[[ THE DATA open ]]
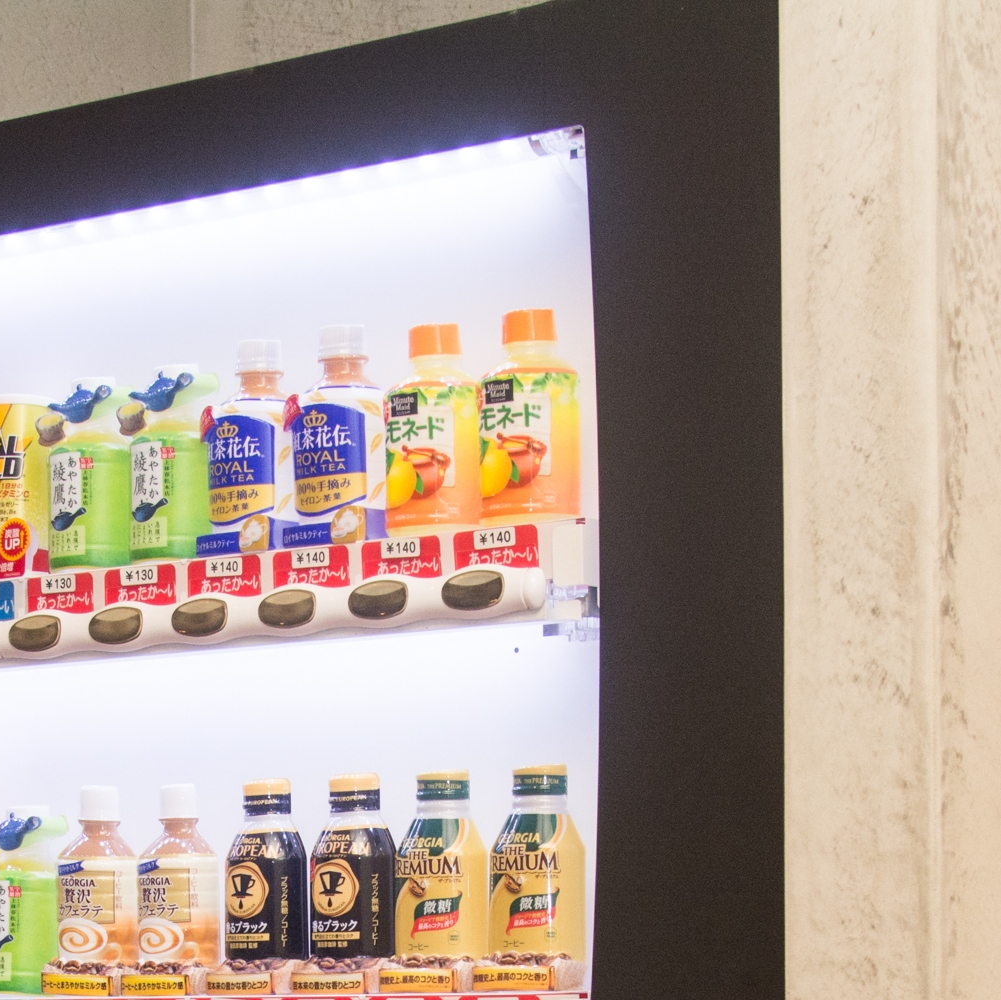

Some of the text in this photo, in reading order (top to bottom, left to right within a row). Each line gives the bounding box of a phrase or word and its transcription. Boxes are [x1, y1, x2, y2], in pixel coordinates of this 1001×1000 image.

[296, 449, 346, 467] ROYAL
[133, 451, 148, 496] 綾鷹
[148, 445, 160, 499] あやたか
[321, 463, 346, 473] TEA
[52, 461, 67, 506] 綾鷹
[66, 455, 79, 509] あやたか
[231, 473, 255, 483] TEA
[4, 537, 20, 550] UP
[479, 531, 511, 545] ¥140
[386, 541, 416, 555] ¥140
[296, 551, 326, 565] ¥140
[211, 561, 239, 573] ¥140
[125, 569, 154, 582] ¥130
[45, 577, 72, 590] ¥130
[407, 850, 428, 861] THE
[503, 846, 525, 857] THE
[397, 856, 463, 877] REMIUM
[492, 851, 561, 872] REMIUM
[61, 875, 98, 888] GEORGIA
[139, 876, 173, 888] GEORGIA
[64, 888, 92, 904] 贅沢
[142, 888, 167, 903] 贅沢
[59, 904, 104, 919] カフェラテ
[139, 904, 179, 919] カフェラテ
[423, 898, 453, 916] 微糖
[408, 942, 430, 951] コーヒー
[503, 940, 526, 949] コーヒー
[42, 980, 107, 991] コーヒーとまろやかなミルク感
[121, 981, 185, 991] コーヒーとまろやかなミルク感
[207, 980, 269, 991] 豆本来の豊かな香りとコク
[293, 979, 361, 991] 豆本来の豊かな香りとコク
[[ THE DATA closed ]]
• INSTRUCTIONS TO FOLLOW
Copy out nothing but text: transcribe the listing exactly and skip each picture.

• YOUR RESPONSE
Some of the text in this photo, in reading order (top to bottom, left to right within a row). Each line gives the bounding box of a phrase or word and its transcription. Boxes are [x1, y1, x2, y2], in pixel coordinates of this 1001×1000 image.

[296, 449, 346, 467] ROYAL
[133, 451, 148, 496] 綾鷹
[148, 445, 160, 499] あやたか
[321, 463, 346, 473] TEA
[52, 461, 67, 506] 綾鷹
[66, 455, 79, 509] あやたか
[231, 473, 255, 483] TEA
[4, 537, 20, 550] UP
[479, 531, 511, 545] ¥140
[386, 541, 416, 555] ¥140
[296, 551, 326, 565] ¥140
[211, 561, 239, 573] ¥140
[125, 569, 154, 582] ¥130
[45, 577, 72, 590] ¥130
[407, 850, 428, 861] THE
[503, 846, 525, 857] THE
[397, 856, 463, 877] REMIUM
[492, 851, 561, 872] REMIUM
[61, 875, 98, 888] GEORGIA
[139, 876, 173, 888] GEORGIA
[64, 888, 92, 904] 贅沢
[142, 888, 167, 903] 贅沢
[59, 904, 104, 919] カフェラテ
[139, 904, 179, 919] カフェラテ
[423, 898, 453, 916] 微糖
[408, 942, 430, 951] コーヒー
[503, 940, 526, 949] コーヒー
[42, 980, 107, 991] コーヒーとまろやかなミルク感
[121, 981, 185, 991] コーヒーとまろやかなミルク感
[207, 980, 269, 991] 豆本来の豊かな香りとコク
[293, 979, 361, 991] 豆本来の豊かな香りとコク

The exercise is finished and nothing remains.